Dennis King, executive director of the Silicon Valley Hispanic Chamber of Commerce, said a diverse community is an underappreciated factor and another attraction for immigrants seeking guidance.
“Most of the immigrants in our community have returned home, essentially, to an infrastructure that was presented to them, either from people from their nation or from their communities,” King told San Jose Spotlight. «There are infrastructures created, both formally and informally, between various organizations? of services? different, but also between people themselves.
The study shows that San Jose is the top metropolitan area for foreign-born Asian immigrants, a group that makes up 24.5 percent of the general population based on 2020 data.
San José ranks 17th among foreign-born Hispanic immigrants, representing 8.4 percent of the general population.
Overall, immigrants make up 39.1 percent of the area's population, more than 770,000 residents, a number second only to Miami.
The study doesn't tell the whole story, Núñez said. Immigrant families who flock to San Jose face the same high costs as everyone else, he said, and families of color are displaced in the process.
The report shows that San Jose still ranks first nationally in terms of living standards for immigrant residents, even when the median income of foreign-born households takes costs of living and housing into account.
Yet the wealth gap persists: Data from the 2022 Silicon Valley Pain Index revealed that approximately 11 percent of Latino residents live in poverty and saw an average drop of $404 in annual income last year. Residents say the minimum wage rises too little each year as San Jose, with the worst housing shortage in the nation, remains one of the most expensive areas to rent.
"People are leaving California, not just the Bay Area, because it's hard for them to maintain their standard of living here," Nunez said.
San Jose Chamber of Commerce CEO Derrick Seaver stressed that immigrants moving to San Jose face the same cost-of-living and affordable housing challenges as others in the region. He said those problems are further exacerbated by recent supply chain disruptions.
"The immigrant residents of our region have not been immune to these challenges," he added.
Even with those setbacks, Seaver said San Jose still offers great opportunities for immigrants, including the ability to start small businesses. The study reveals that the long-term impacts of a large immigrant population include more start-ups, universities, and cultural markers such as food culture.

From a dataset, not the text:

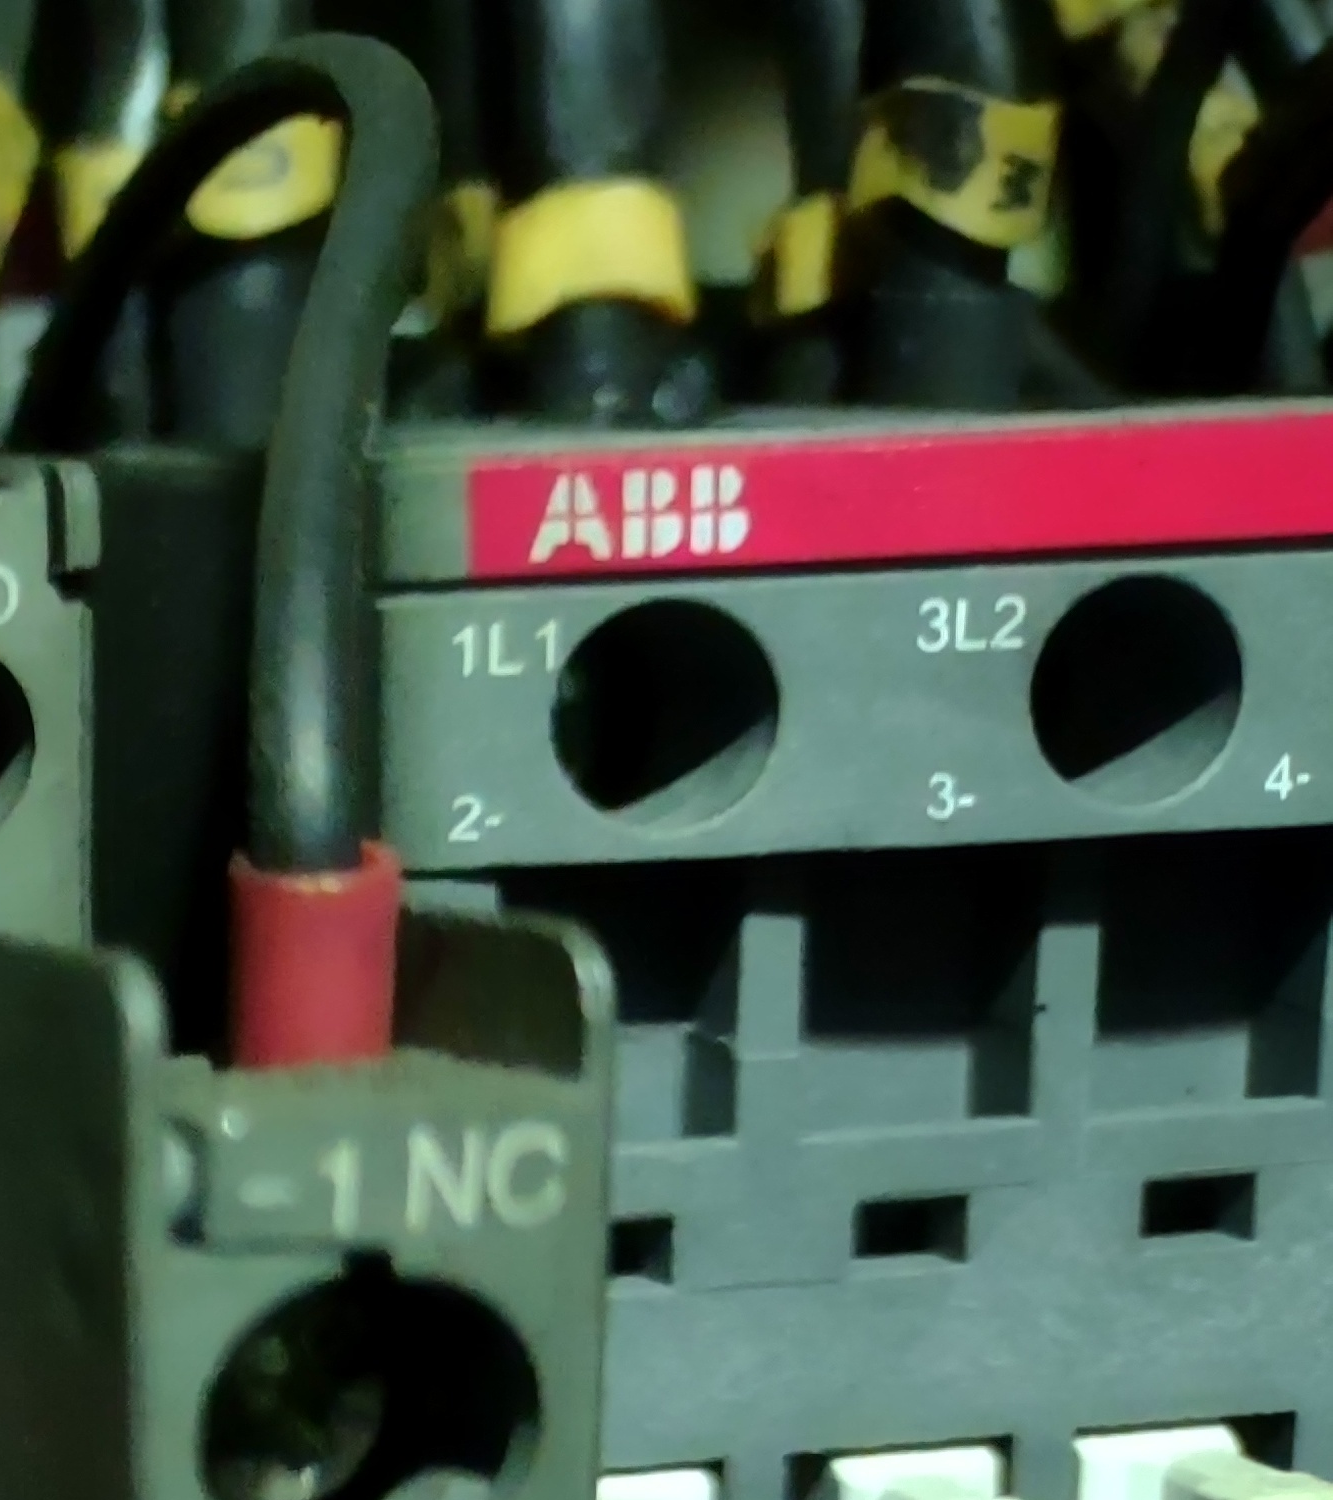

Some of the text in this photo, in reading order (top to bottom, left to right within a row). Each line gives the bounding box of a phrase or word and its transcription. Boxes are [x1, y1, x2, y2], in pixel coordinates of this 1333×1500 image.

"Almost every economic sector in this area has profound contributions from the immigrant community," Seaver explained to San Jose Spotlight. "Many small, medium, and large businesses in our area were founded by immigrants who used entrepreneurship as a path to economic mobility."
Joint Venture Silicon Valley CEO Russell Hancock said Silicon Valley's tech industry draws residents from across the country, supporting both tech workers and food and janitorial workers at tech companies. Joint Venture is a research group on economy and quality of life.
“This is a very productive economy,” Hancock explained. “Technology is a huge ecosystem on its own, and it has a lot of room for…hundreds or even thousands of different roles.”